Georgetown Guyana – The issue I am about to treat with may not worry you too much if you or anyone who concerns you have never been remanded to jail. But I’ll tell you, it should worry you as a citizen of Guyana; and it should worry you even more if you contribute to this beautiful country of ours by paying tax.
My recent visit home has left me very unsettled about the attitude of the magistrates’ court relative to the granting of bail to accused persons. I am speaking particularly about the Georgetown Magistrates’ Court. Might I make it clear, at the outset, that I CANNOT say that the practice which I will promptly document is consistent across all the courtrooms contained in the magistrates’ court. If it is, then I will be rendered equally uneasy by it. If it is not, then I will be relieved that this practice is not widespread. Furthermore, I have no interest in naming the particular court/s.
I sat in court an observed that several persons were denied bail despite impassioned pleas by individuals themselves when unrepresented, and attorneys on behalf of the clients they represented. I made bail applications as well and they were similarly denied. For one young man, who’s under the age of 20 years old, and whose matter I appeared in as a ‘friend of the court’, I took the liberty of addressing the court at length on the fundamental principles which should guide the granting of bail. Bail was nevertheless refused. I will revisit this particular matter shortly after I treat with the factors which should inform the granting of bail.
Unlike Trinidad and Tobago, Barbados, and the Bahamas, Guyana does not have a Bail Act. The Bail Acts in these territories guide the court in the factors which the court must consider in deciding whether or not to grant bail to the accused person. Trinidad and Tobago goes a tad further; there is a constitutional right to bail in Trinidad and Tobago. This right is not without restrictions, as courts do not have jurisdiction (authority) to grant bail to certain categories of accused persons; for instance, those charged with murder and treason. Also, even those who qualify by virtue of the constitutional right are still subject to the factors which the court must consider by virtue of the Bail Act.

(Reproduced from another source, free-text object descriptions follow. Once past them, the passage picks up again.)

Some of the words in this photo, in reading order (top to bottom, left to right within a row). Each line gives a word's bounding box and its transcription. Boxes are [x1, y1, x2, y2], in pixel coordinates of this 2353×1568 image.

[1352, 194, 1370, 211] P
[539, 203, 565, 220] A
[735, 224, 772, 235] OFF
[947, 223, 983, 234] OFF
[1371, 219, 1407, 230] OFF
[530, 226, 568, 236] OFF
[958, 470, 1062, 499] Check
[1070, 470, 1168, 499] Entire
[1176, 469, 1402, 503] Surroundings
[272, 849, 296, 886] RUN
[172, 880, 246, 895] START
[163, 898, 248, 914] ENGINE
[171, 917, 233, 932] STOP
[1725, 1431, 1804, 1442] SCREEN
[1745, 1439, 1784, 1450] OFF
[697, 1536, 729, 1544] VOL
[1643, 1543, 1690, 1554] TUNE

Guyana, on the other hand, does not guarantee its citizens a constitutional right to bail. Our Constitution (Article 139 (4) for those who care to look it up) states simply that an accused person should be released either unconditionally or conditionally if a trial into the allegations against that person cannot be commenced within a reasonable time. Now, what amounts to ‘within a reasonable time’ will vary depending on the circumstances of the particular case. So the right is really a right to a trial within a reasonable time; not a constitutional right to bail.

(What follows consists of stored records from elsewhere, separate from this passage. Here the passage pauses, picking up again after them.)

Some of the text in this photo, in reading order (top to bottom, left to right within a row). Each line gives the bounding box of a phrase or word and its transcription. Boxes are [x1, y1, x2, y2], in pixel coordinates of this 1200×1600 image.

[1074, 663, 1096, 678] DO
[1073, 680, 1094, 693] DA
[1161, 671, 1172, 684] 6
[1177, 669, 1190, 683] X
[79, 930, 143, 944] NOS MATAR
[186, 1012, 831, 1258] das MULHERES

Though there is no Bail Act in our laws, the issue of bail is treated with in different pieces of laws. For instance, there is the Criminal Law (Procedure) Act Cap. 10:01 (particularly s. 82 in the online version) which deals with the granting of bail in Guyana generally. What the section says in essence is that someone who is charged with an offence (usually not so serious) where the penalty is either a fine or imprisonment for less than two years shall be entitled to bail. However, where the offence is of a serious nature and the penalty exceeds two years, then the discretion is that of the magistrate whether or not to grant bail. The exception is persons charged with any form of treason or murder; no bail!
So let’s talk about the magistrate’s discretion. This simply means that it’s up to the magistrate whether or not bail should be granted. However, the exercise of the magistrate’s discretion should not be informed by the magistrate’s mood- depending on which side of the bed he or she wakes. Otherwise, this leaves the accused person truly at the mercy of the magistrate. Since we have no dedicated Bail Act, the courts of Guyana must have regard to the common law (the law which was common to all of England and her colonies, Guyana included) principles relative to bail. There are four key principles:
1. The nature of the accusation (whether it’s arson, larceny, etc.);
2. The nature of the evidence in support of the accusation (basically how strong is the evidence against the accused person);
3. The severity of the punishment which conviction will entail (whether a fine or/and imprisonment; and if imprisonment, then for how long); and
4. Whether the sureties (person who takes bail on behalf of the accused) are independent or indemnified (will be repaid) by the accused person.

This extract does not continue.